TASK:
Pictures appear among the records. Write out all else exactly as it stands.

Saved entries:

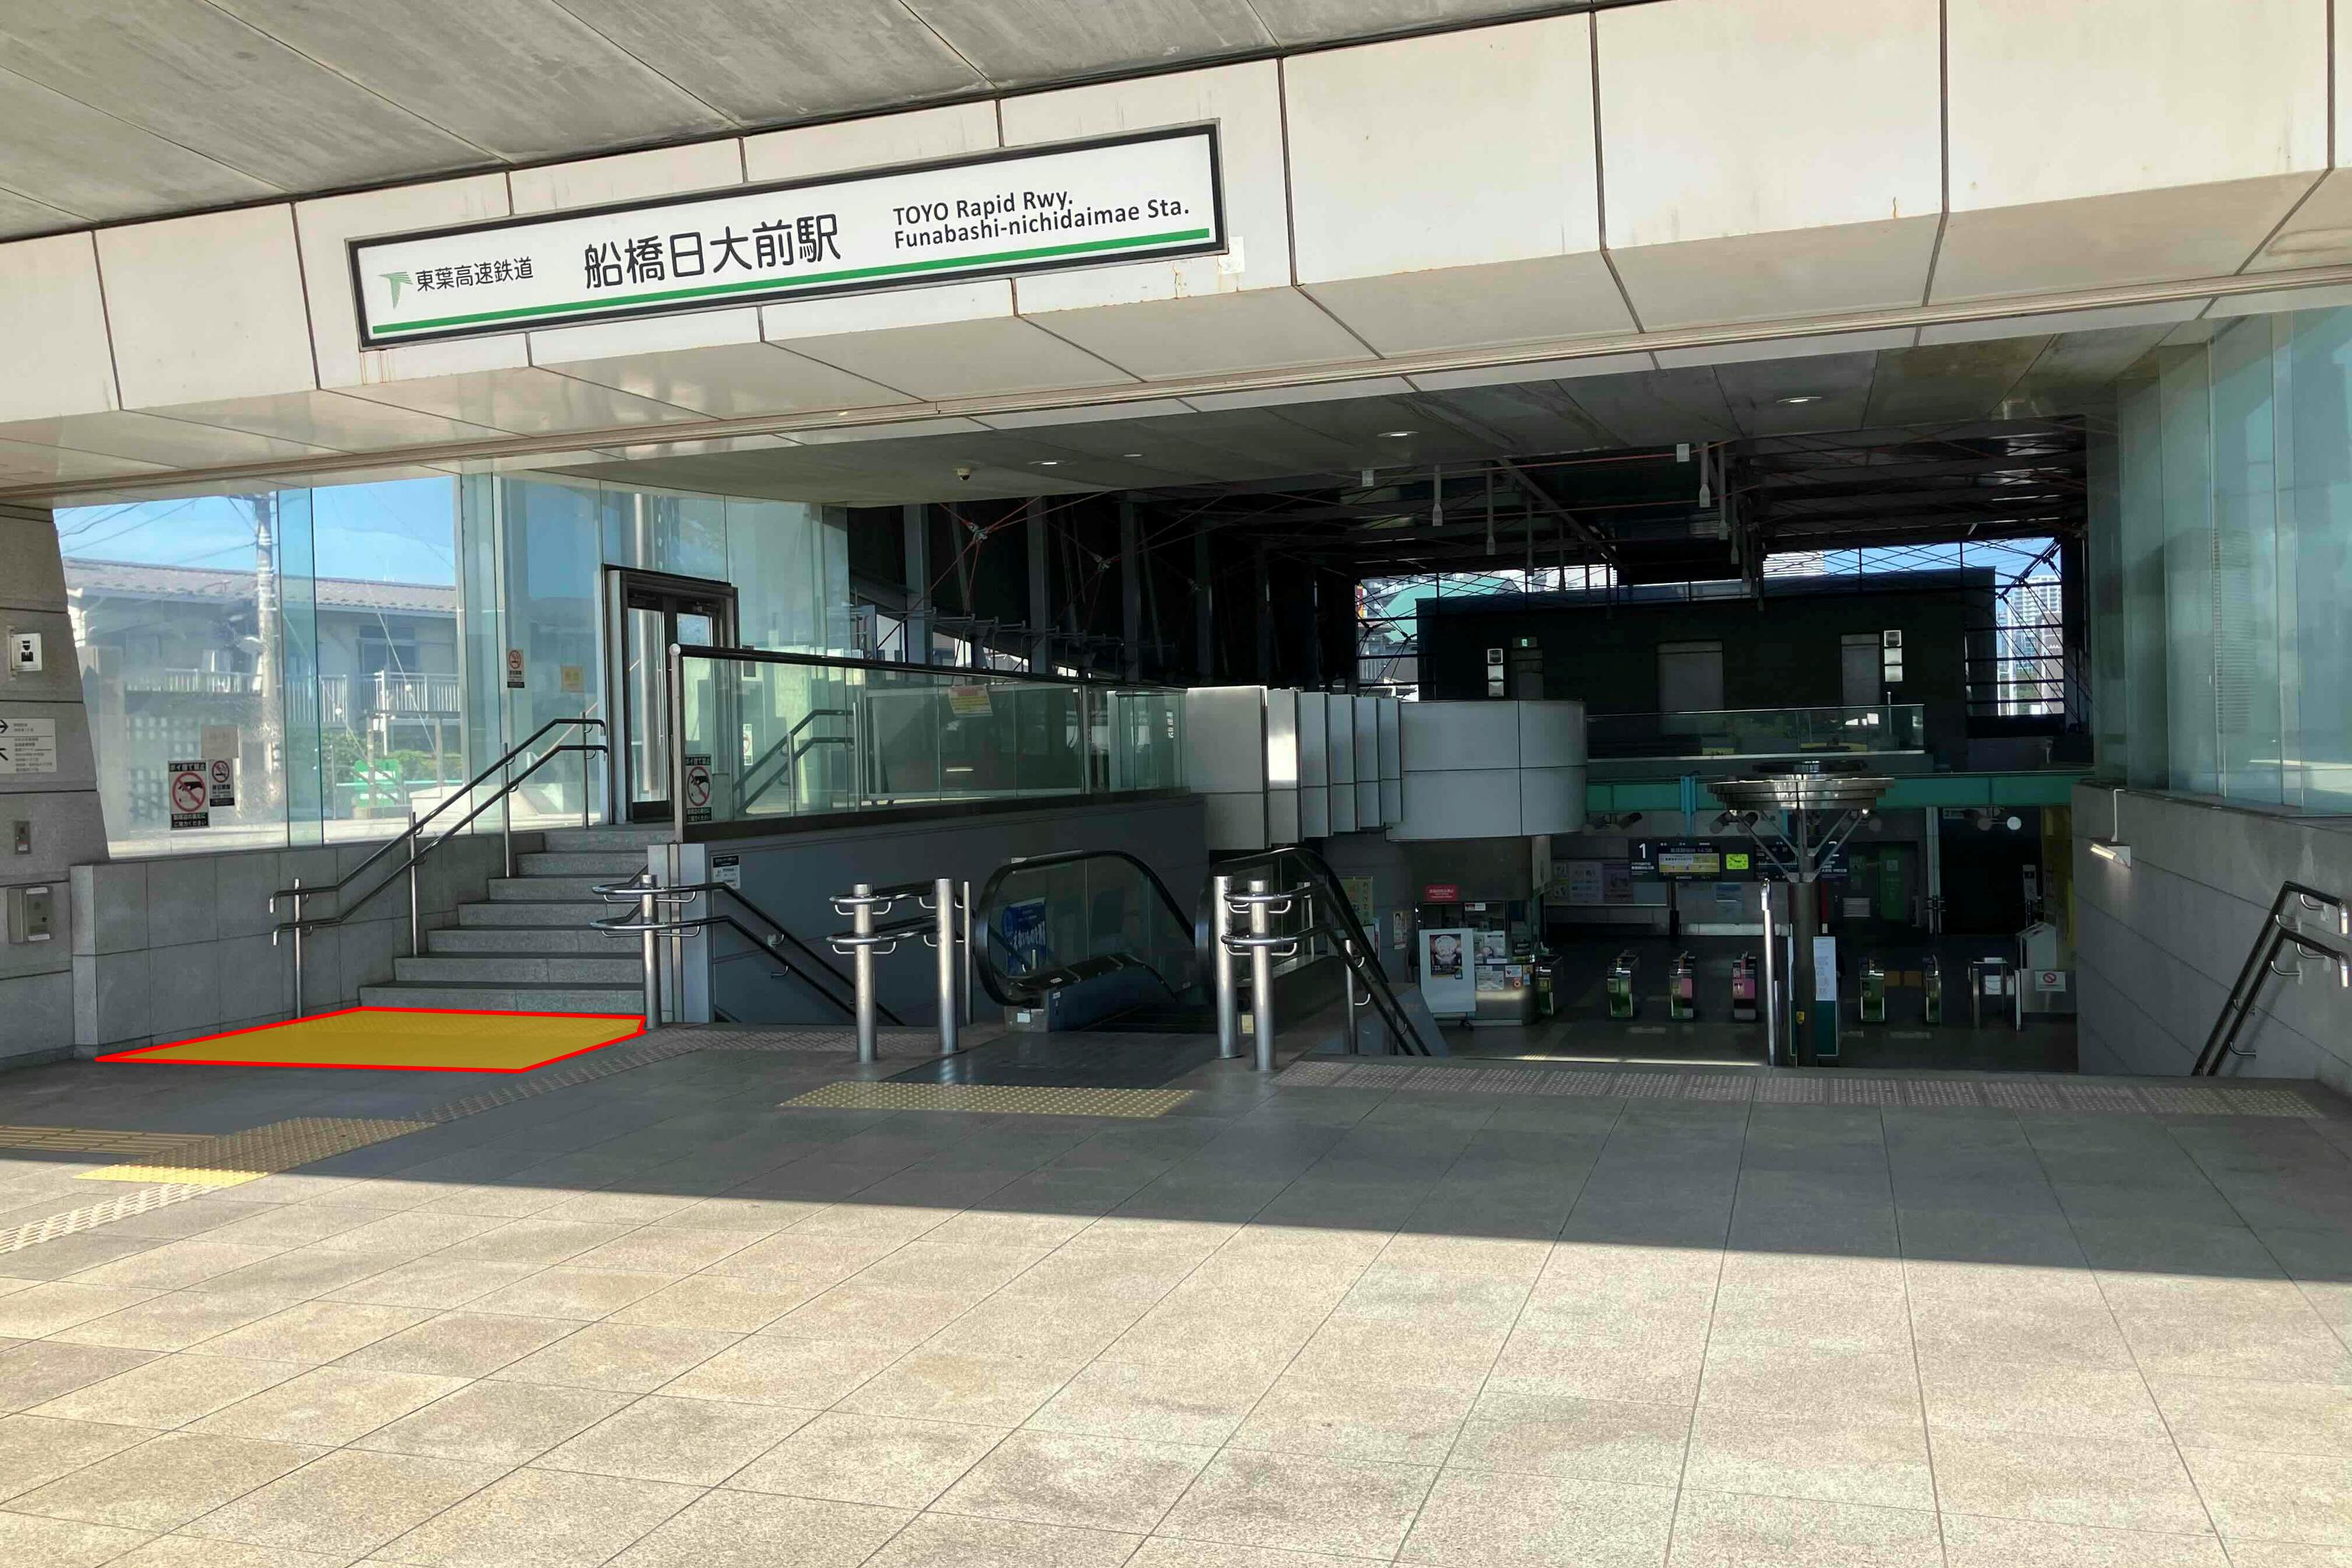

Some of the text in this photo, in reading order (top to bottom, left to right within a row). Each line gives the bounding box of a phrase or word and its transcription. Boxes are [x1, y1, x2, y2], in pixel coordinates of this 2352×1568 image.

[893, 190, 1073, 225] TOYO Rapid Rwy.
[894, 198, 1189, 249] Funabashi-nichidaimae Sta.
[584, 212, 841, 289] 船橋日大前駅
[416, 256, 533, 292] 東葉高速鉄道
[1639, 842, 1646, 859] 1

RESPONSE BOX:
Some of the text in this photo, in reading order (top to bottom, left to right within a row). Each line gives the bounding box of a phrase or word and its transcription. Boxes are [x1, y1, x2, y2], in pixel coordinates of this 2352×1568 image.

[893, 190, 1073, 225] TOYO Rapid Rwy.
[894, 198, 1189, 249] Funabashi-nichidaimae Sta.
[584, 212, 841, 289] 船橋日大前駅
[416, 256, 533, 292] 東葉高速鉄道
[1639, 842, 1646, 859] 1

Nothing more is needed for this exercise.